Portugal
Pegarinhos – 2023

Mission archéologique de Pegarinhos

The excavation campaigns
(by years)


Direction

Tony Silvino (Éveha – UMR 5138, Archéologie et Archéométrie)

Pedro Pereira (CITCEM – Université de Porto)

How Eveha Participates

Archaeological investigations

Management

The Trás do Castelo site at Vale de Mir – Pegarinhos (Portugal) is located in the Douro Valley, on the edge of a granite plateau. Numerous campaigns carried out on the site since 2012 have revealed an agricultural settlement established in the late 1st century AD and abandoned in the second half of the 3rd century. The remains brought to light relate to a rural operation combining different types of activity: livestock rearing, cereal processing, textile work (probably linen) and wine production. The latter remains unique in this region, which straddles two provinces (Tarraconaise and Lusitania), as it is the oldest known evidence of wine production in the Douro Valley.
The remains probably correspond to the economic part of a villa-type settlement.

 

After a period of abandonment, the site was reoccupied during the 4th century, either by reusing certain areas of the former farm, or by creating new buildings of a rather frustrated nature.
The 2022 campaign documented this second occupation a little better, with the discovery of three small contiguous areas, built on a granite slope, whose particularity is to have yielded an abundance of different types of furniture: ceramics, metal objects, glass, ornaments and above all coins.

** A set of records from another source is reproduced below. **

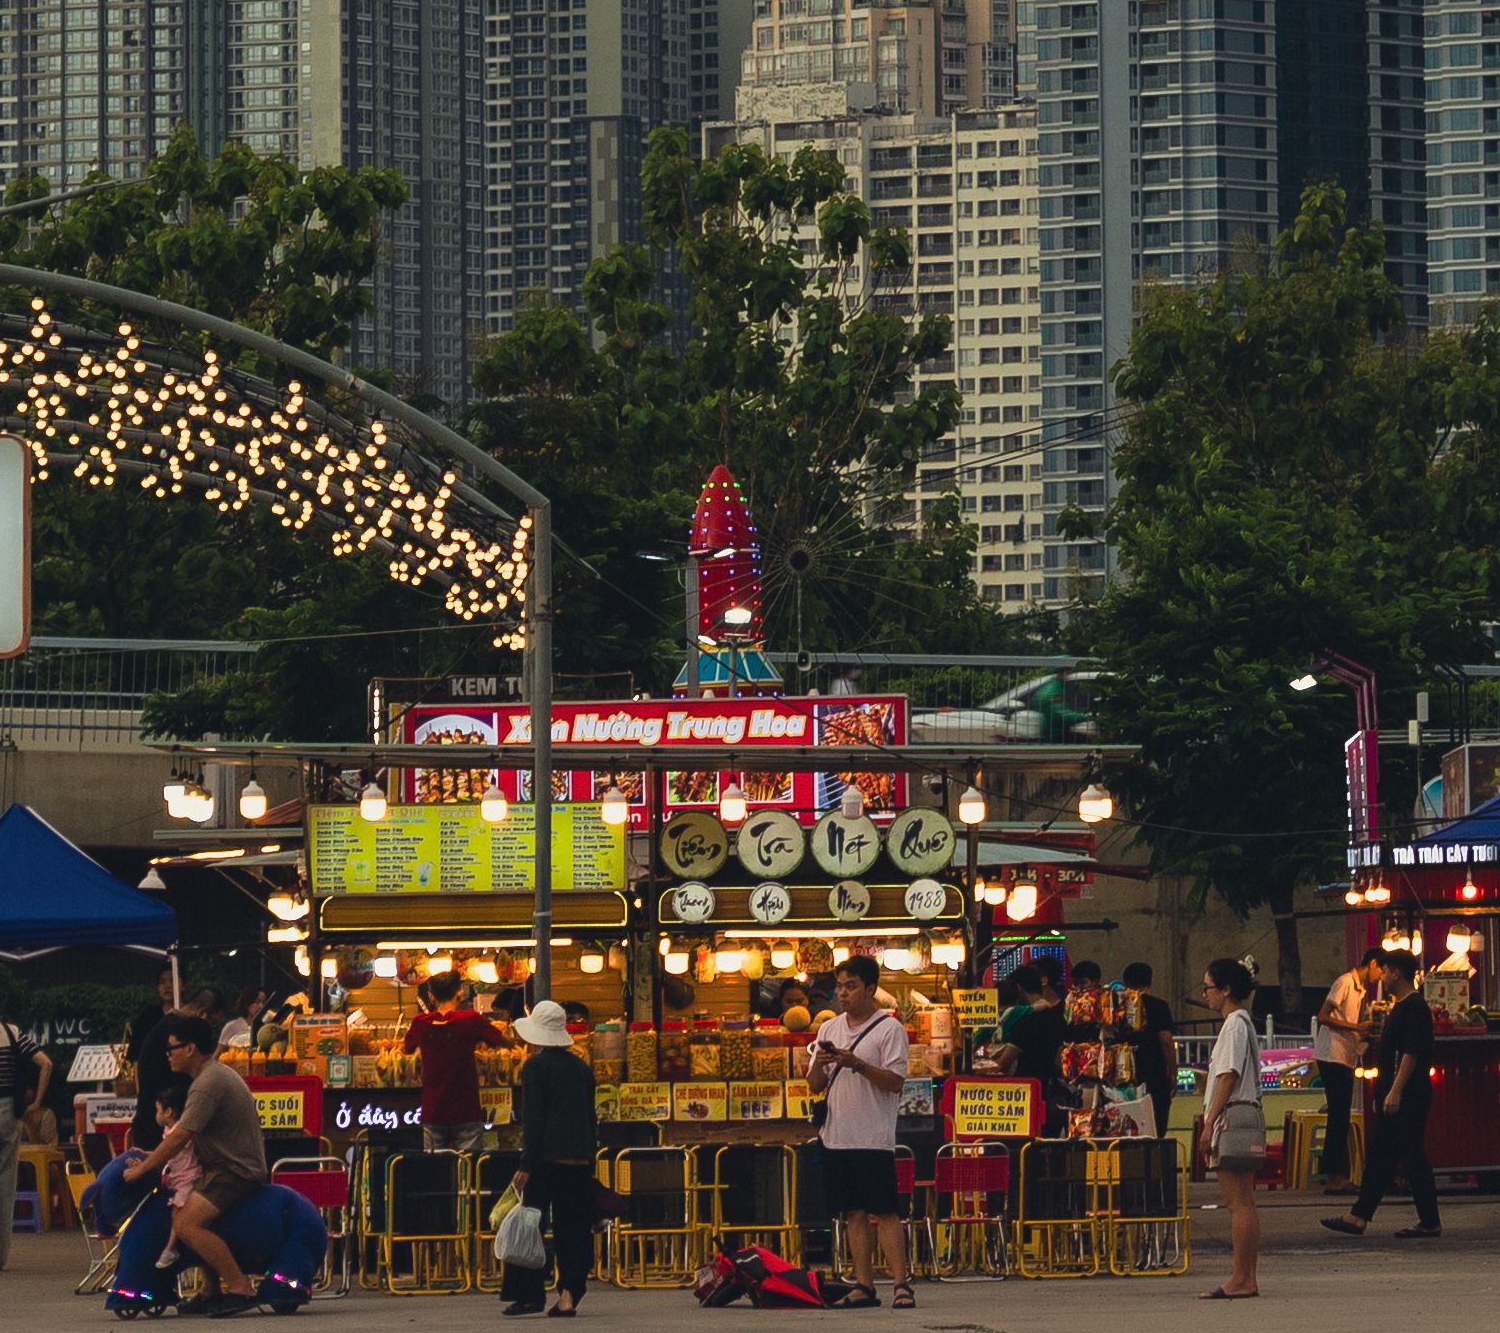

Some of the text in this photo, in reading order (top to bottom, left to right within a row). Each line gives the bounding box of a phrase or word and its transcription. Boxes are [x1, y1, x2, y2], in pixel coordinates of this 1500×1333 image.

[452, 677, 497, 696] KEM
[666, 709, 747, 745] Trung
[748, 709, 807, 738] Hoa
[900, 818, 949, 861] Quê
[1393, 844, 1414, 865] TRÀ
[1418, 843, 1444, 864] TRÁI
[1447, 843, 1468, 863] CÂY
[908, 890, 943, 912] 1988
[54, 1017, 92, 1035] WC
[269, 1094, 299, 1111] SUỐI
[960, 1087, 1027, 1103] NƯỚC SUỐI
[336, 1101, 351, 1129] Ở
[358, 1103, 399, 1130] đây
[960, 1103, 994, 1116] NƯỚC
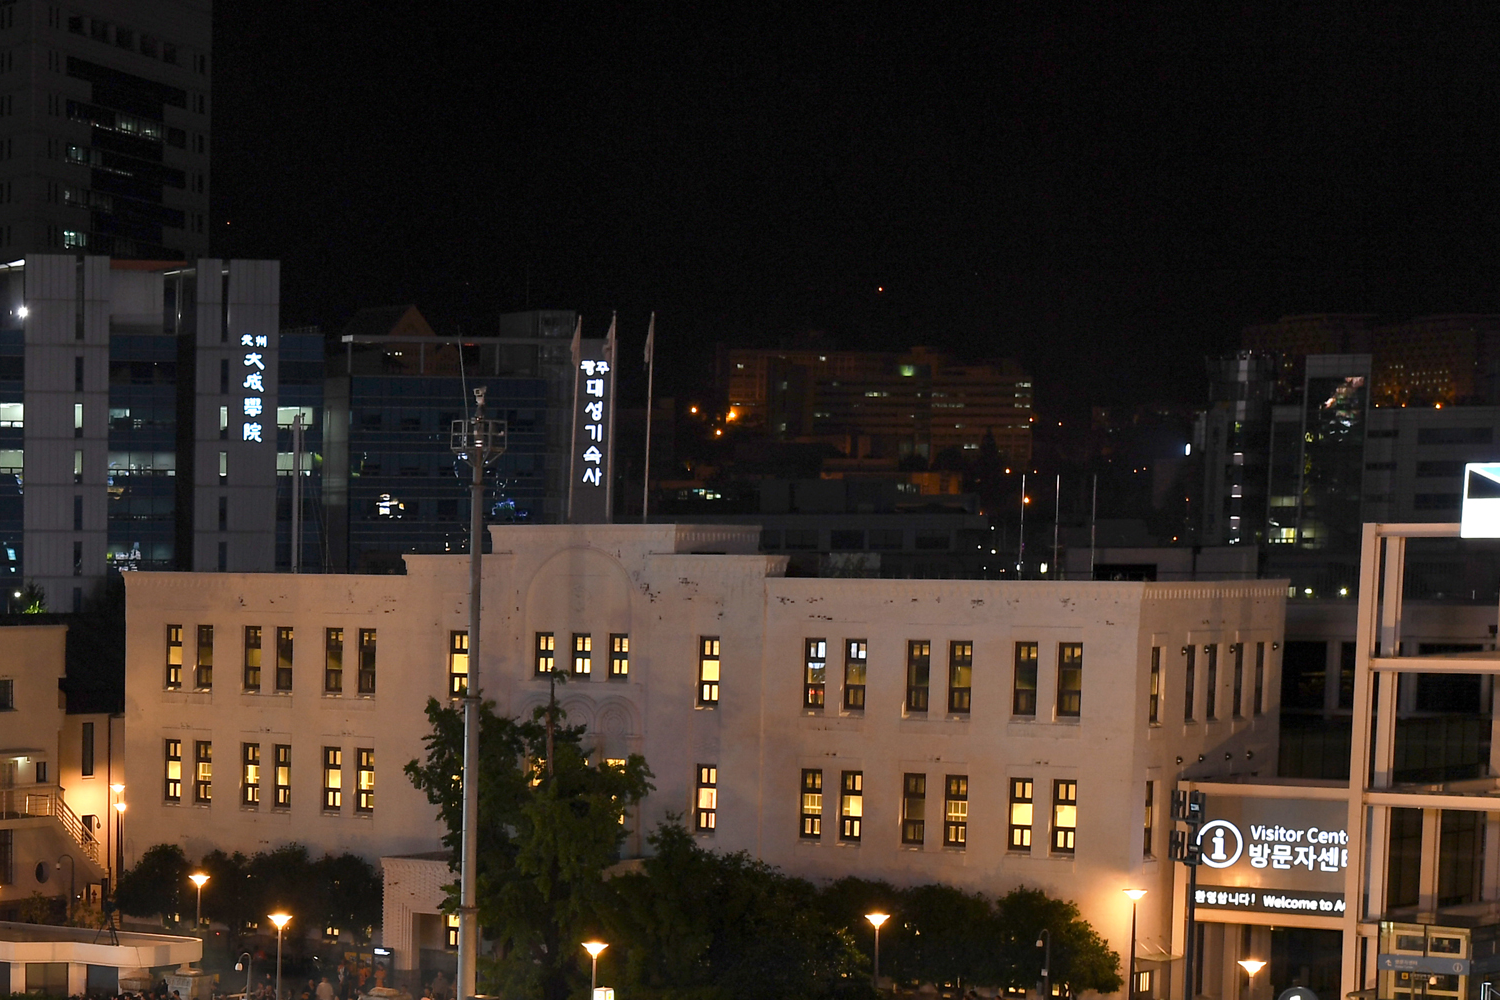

One of the particularities of this late occupation is the discovery of five small monetary deposits that can be interpreted as purses. In view of this surprising discovery, it was decided to halt excavation of these areas and implement a specific protocol in 2023.

 

During the 2023 campaign, the above-mentioned areas were excavated by hand, and the sediments were thoroughly sieved. The furniture found was both in the demolition levels and on the dirt floors. The first area (20) is equipped with fireplaces and a buried dolium, whose biochemical analysis (Garnier laboratory) did not reveal the presence of any particular product: it is most certainly a simple water tank. Further north, the second area (21a), which includes a hearth, yielded the remains of 5 dolia crushed in situ. Biochemical analyses are currently underway to determine their content(s). As for the last space (21b), no evidence of any kind has been found, apart from the presence, as in the other rooms, of items of furniture: fine and common ceramics, amphorae, storage vases, glass vases, iron and copper-alloy tools, items of finery, millstone fragments, weavers’ weights and, above all, the large monetary lot already mentioned.

 

By 2022, northern space has delivered around 1,350 coins. In 2023, space 21b added around 560 examples to this set. The chronological arc provided by this second set is similar to that of the 2022 lot. It covers almost the entire 4th century, from the reign of Maxentius to that of Arcadius. It includes a high proportion of imitation coins.
As the coinage is still being studied, it is too early to draw definitive conclusions on the presence of coins in two specific areas of the site. We may also be able to associate the five small deposits (discovered in 2015 and 2021) whose presence was, to say the least, enigmatic. We might even consider them as offerings.

 

A second sequence was also observed, materialized by the discovery of two complete terracotta oil lamps. The first was laid flat on the dolia fragments in space 21a. It is decorated with the deified Sol Invictus. The second was found in space 21b, this time laid upside down on a schist slab. It features a lion facing a snake. This object was placed between two flat granite blocks which, together with other stone elements, form a circular arc in the room.

 

The presence of this type of furniture in such small spaces (15 m² on average) is perplexing. While these rooms may have been used simply as dumping areas, certain features, such as the presence of money lots with a certain degree of organization, could argue in favor of a place of worship. In particular, we note the similarities with late cult practices observed in the sanctuaries of Gaul: coins are no longer collected and litter the floors as close as possible to the relics. They were either placed on the ground or thrown (Iactatio stipis).
This “cultic” interpretation could be reinforced by the second sequence, which, with its carefully placed oil lamps, betrays a religious practice perhaps of Eastern origin. The presence of two complete oil lamps, each in a separate room, combined with the arched blocks, could indeed attest to a magical gesture to “close off” the area.
Examples of this type of site are rarely documented on the Iberian Peninsula. We have to go to more distant regions such as Germania or northern Gaul to find elements of comparison.